Amael cursed, wrapping a line of rope around his wrist and anchoring himself to the mizzenmast. Already, the boatswain was drenched, his clothes clinging to his body as a second wave rose and curled over the deck.

Bracing himself against the helm, Fynn drew in a breath through his nose. He exhaled, and a blast of icy wind speared for the wave that would likely have swept Amael out to sea, rope and mast be damned. Water exploded where air struck, droplets raining down over the ship, and Amael looked at Fynn and smiled gratefully.

“Fynn!” Riel called to him, hugging the threshold leading below deck. She’d split the wood with her Magic, barricading the stairwell to keep water from flooding down the steps. “What’d you do to piss off Thymis?”

“Harbor a runaway Princess!” He yelled back to her. “She’s the patron goddess of Dyn, and I stole away the Crown Prince’s bride!”

Even over the howling wind and deafening roar of the sea, Fynn heard her groan. “Why that one?” she cried. “Why not the god of mountains when their whole godsdamn kingdom is built around them.”

“There is no god of mountains.”

“Well, there should be!” Riel snapped. Her hair clung to her face, braids limp over her shoulders. “Had you pissed off that one, we wouldn’t be near drowning in the Emerald!”

“No,” Amael agreed, gritting his teeth as he dug his nails into the mast. “But we’d have been crushed by a rockslide in Arrowbrook.”

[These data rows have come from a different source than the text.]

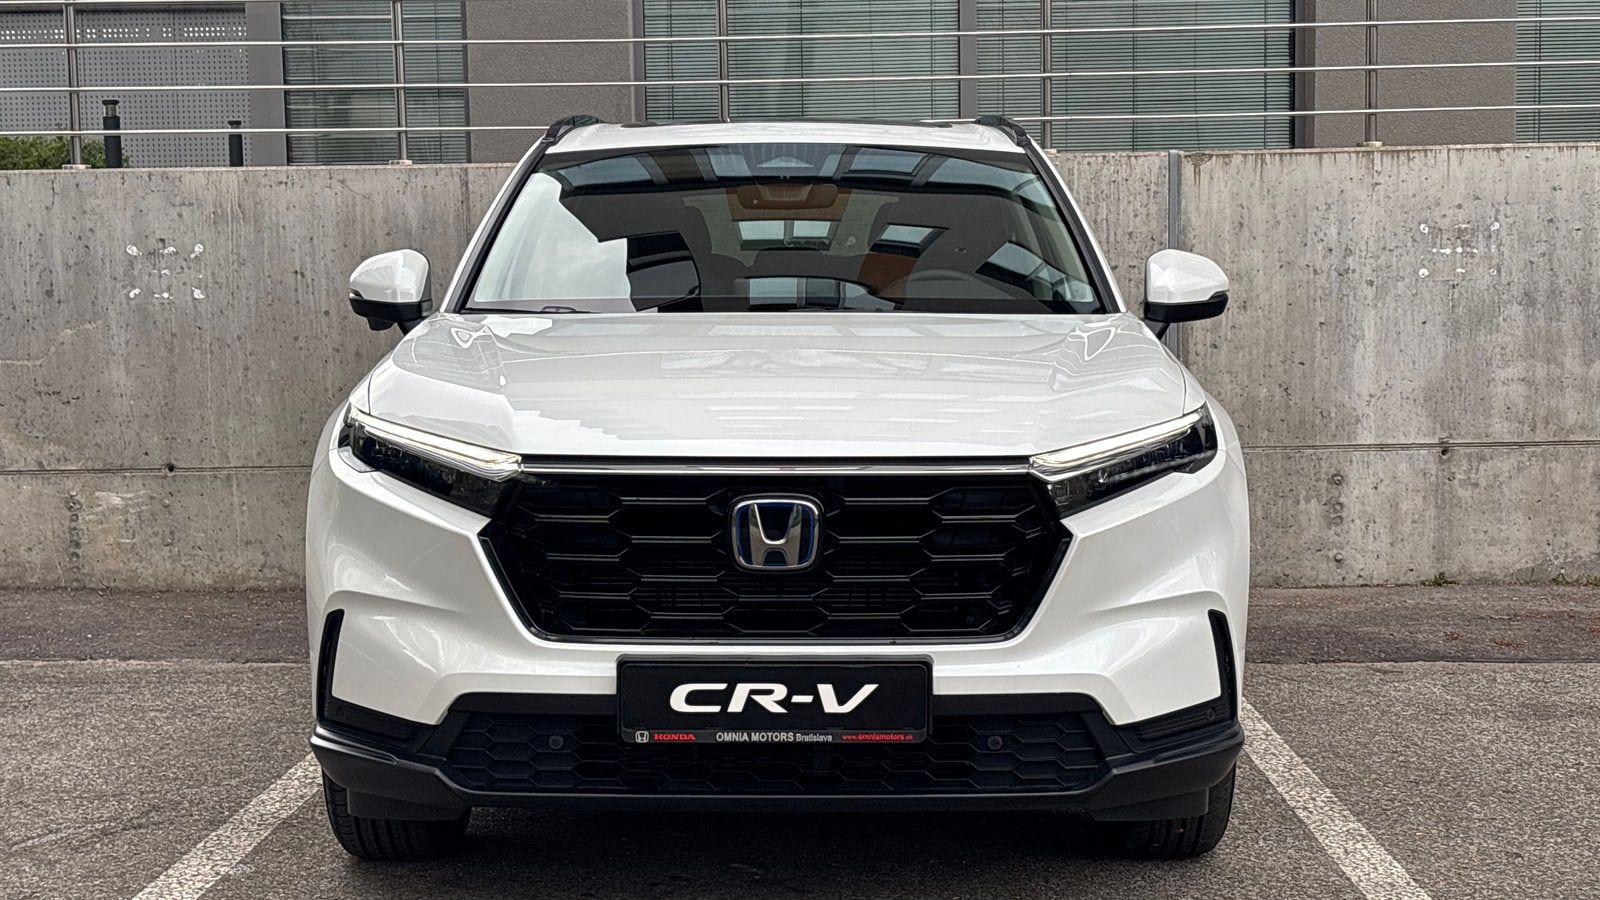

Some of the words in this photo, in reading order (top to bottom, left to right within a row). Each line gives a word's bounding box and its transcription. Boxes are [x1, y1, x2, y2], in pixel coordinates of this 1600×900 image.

[669, 683, 879, 713] CR-V
[654, 733, 696, 741] HONDA
[715, 732, 749, 742] OMNIA
[751, 732, 794, 742] MOTORS
[796, 733, 833, 742] Bratislava
[842, 733, 913, 741] www.omniamotors.sk
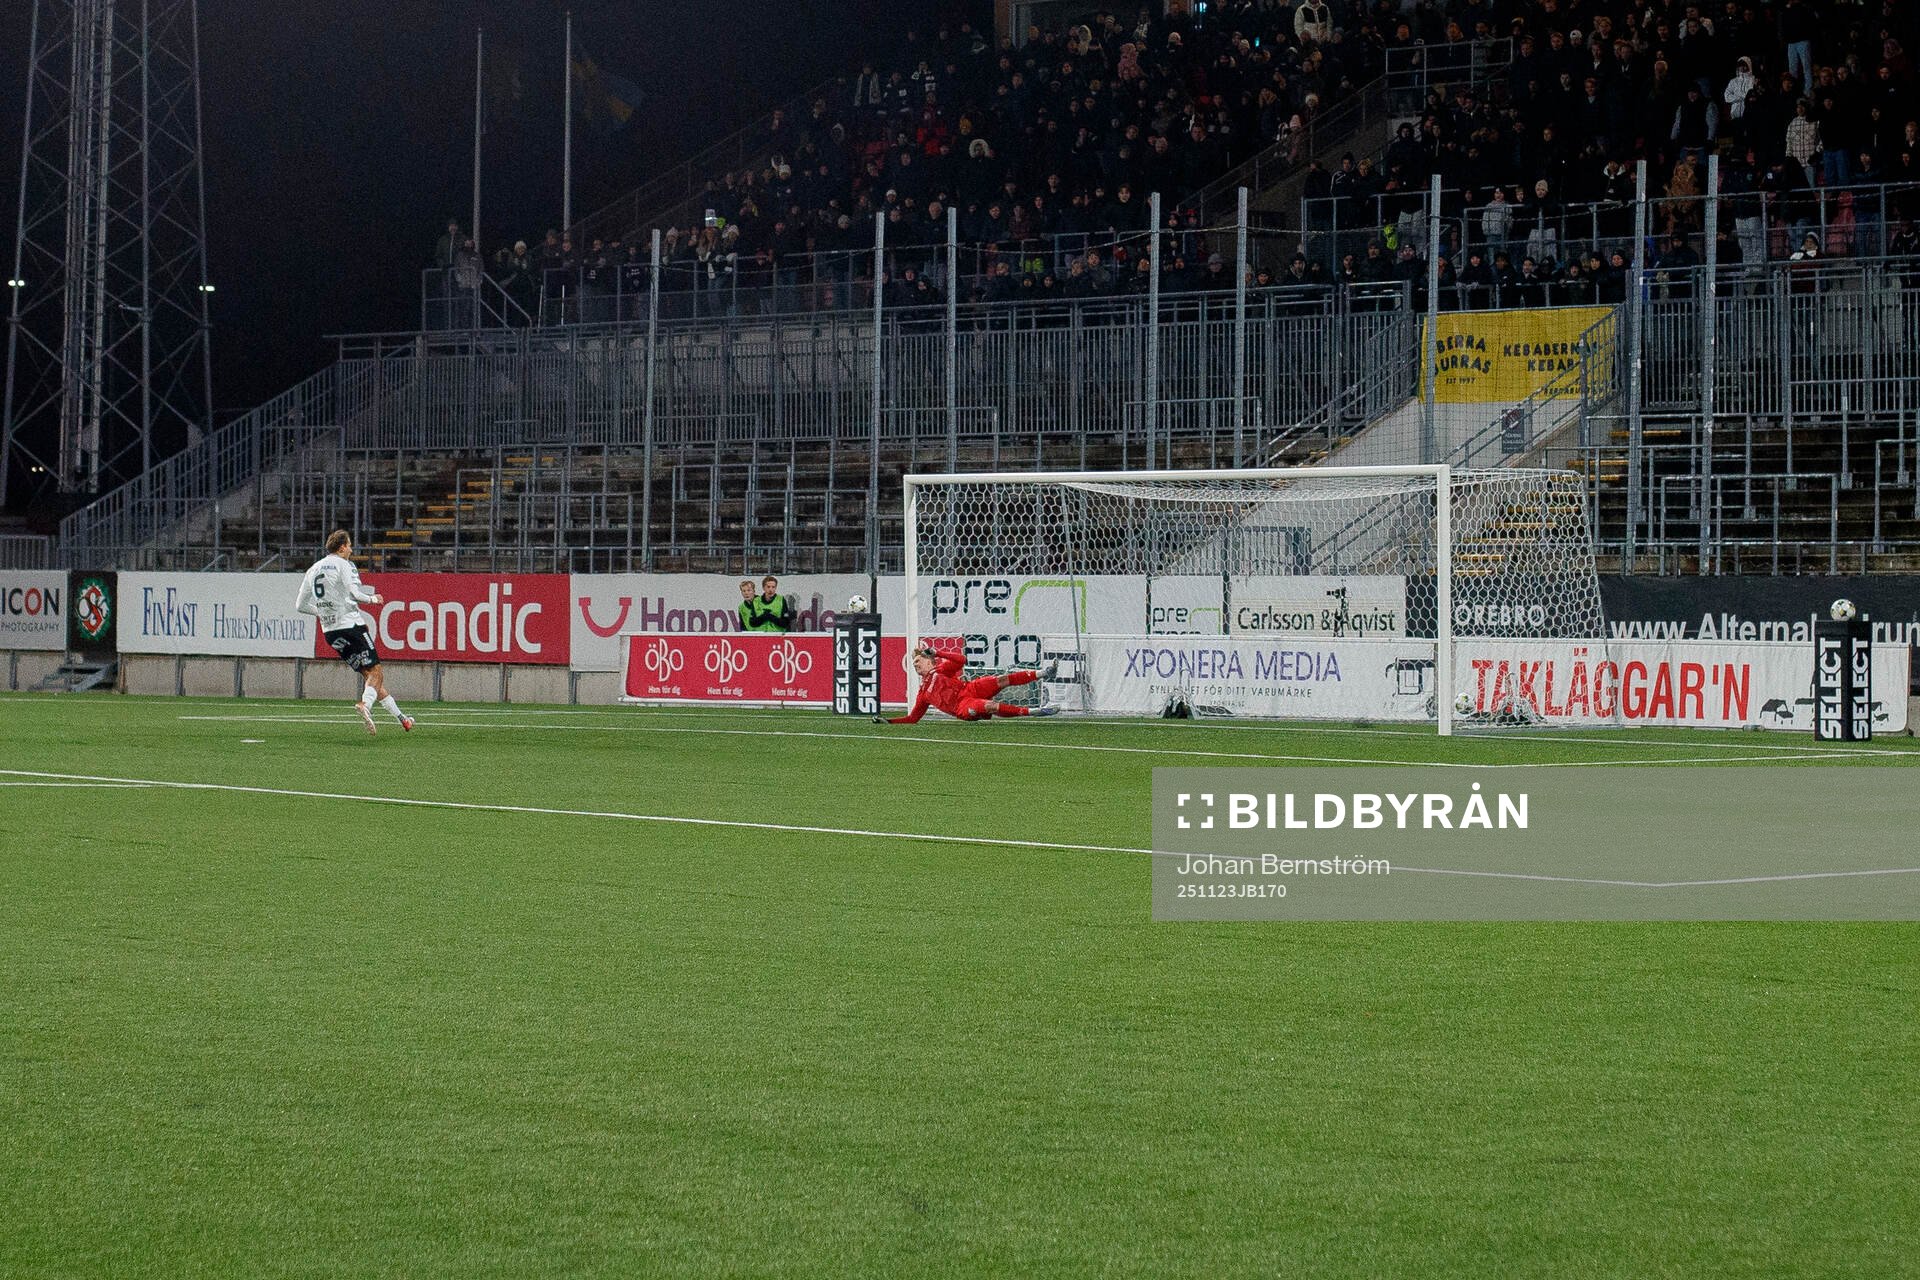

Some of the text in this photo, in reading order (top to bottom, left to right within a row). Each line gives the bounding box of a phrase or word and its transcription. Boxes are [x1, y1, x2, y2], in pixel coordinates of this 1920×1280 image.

[2, 587, 60, 616] ICON
[314, 573, 325, 599] 6
[1237, 605, 1315, 630] Carlsson
[644, 638, 684, 682] ÖBO
[704, 638, 748, 683] ÖBO
[768, 639, 812, 684] ÖBO
[835, 628, 850, 714] SELECT
[857, 628, 877, 714] SELECT
[1124, 648, 1342, 682] XPONERA MEDIA
[1819, 637, 1842, 740] SELECT
[1852, 637, 1869, 740] SELECT
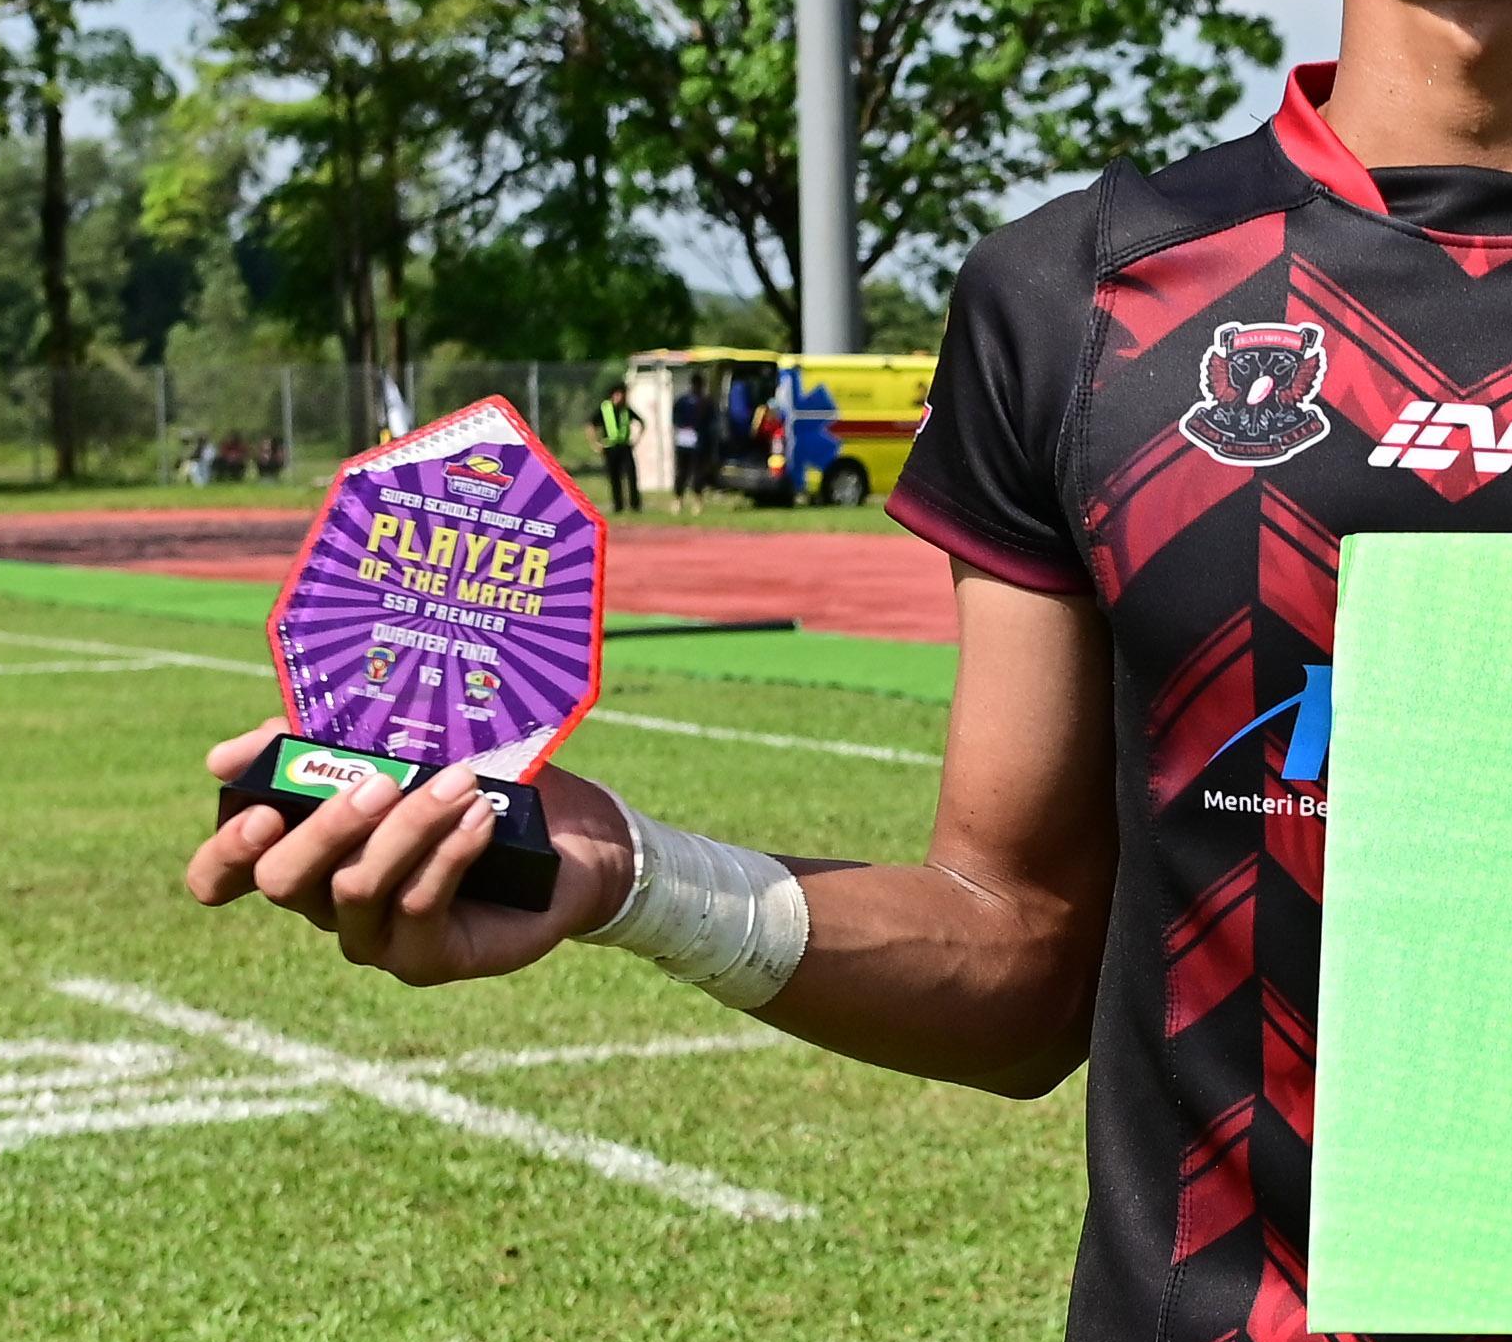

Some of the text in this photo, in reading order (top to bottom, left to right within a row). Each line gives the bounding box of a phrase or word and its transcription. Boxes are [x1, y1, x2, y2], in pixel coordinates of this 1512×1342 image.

[379, 487, 423, 509] SUPER
[423, 497, 480, 521] SCHOOLS
[480, 509, 523, 531] RUGBY
[366, 512, 550, 588] PLAYER
[357, 558, 544, 616] OF THE MATCH
[382, 593, 506, 632] SSR PREMIER
[371, 622, 501, 665] QUARTER FINAL
[419, 665, 443, 686] VS
[303, 760, 364, 783] MILO
[1203, 789, 1293, 816] Menteri
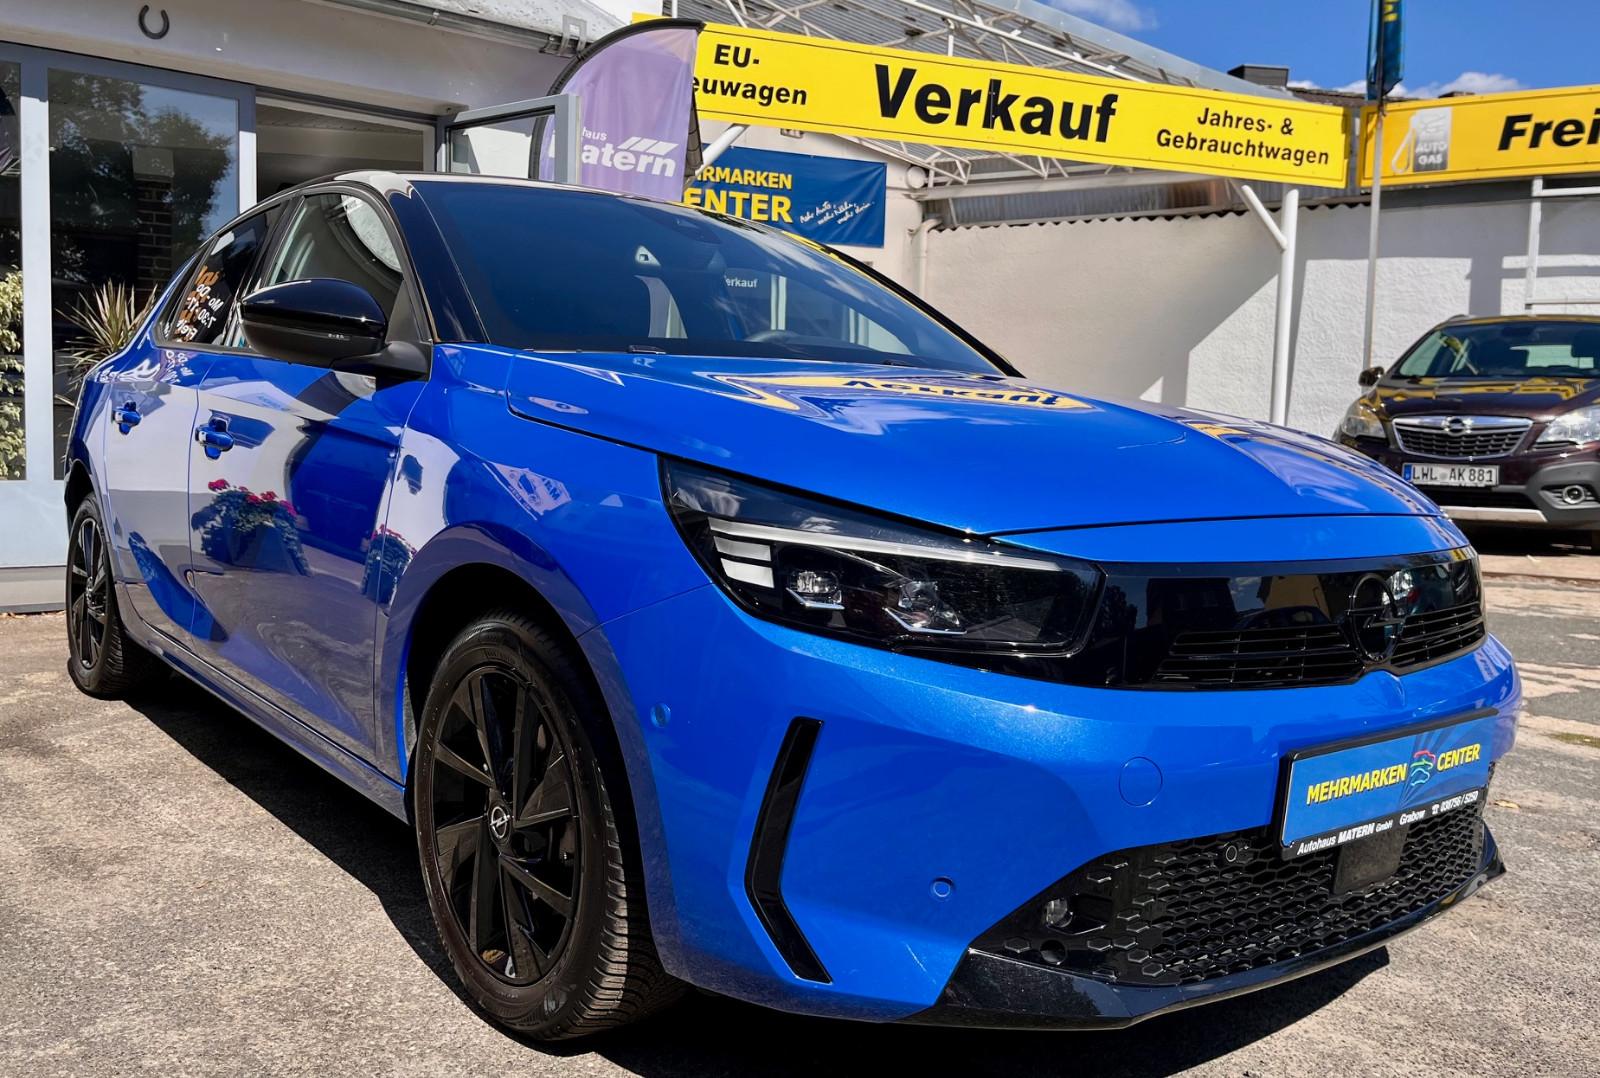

Fynn tuned them out, the deck of his ship illuminated with a flash of lightning that forked into the water below. Close—these strikes of lightning were too close. If they struck any part of the Refuge, Fynn and his crew were as dead as—

“Fynn, look out!”

The Captain whirled on his heels, Riel’s voice like a physical blow knocking him away from the helm.

A tidal wave barreled for his ship, the ocean’s wrath charging from the wrong direction. Water crested high above the stern, taller than the ship’s mainmast, and there was nothing that Fynn could do to stop it, no Magic he could summon that would blast that wave into oblivion.

Thymis had certainly grown to hate him. Had cursed him. Had chosen this fate with his love for her waters in mind.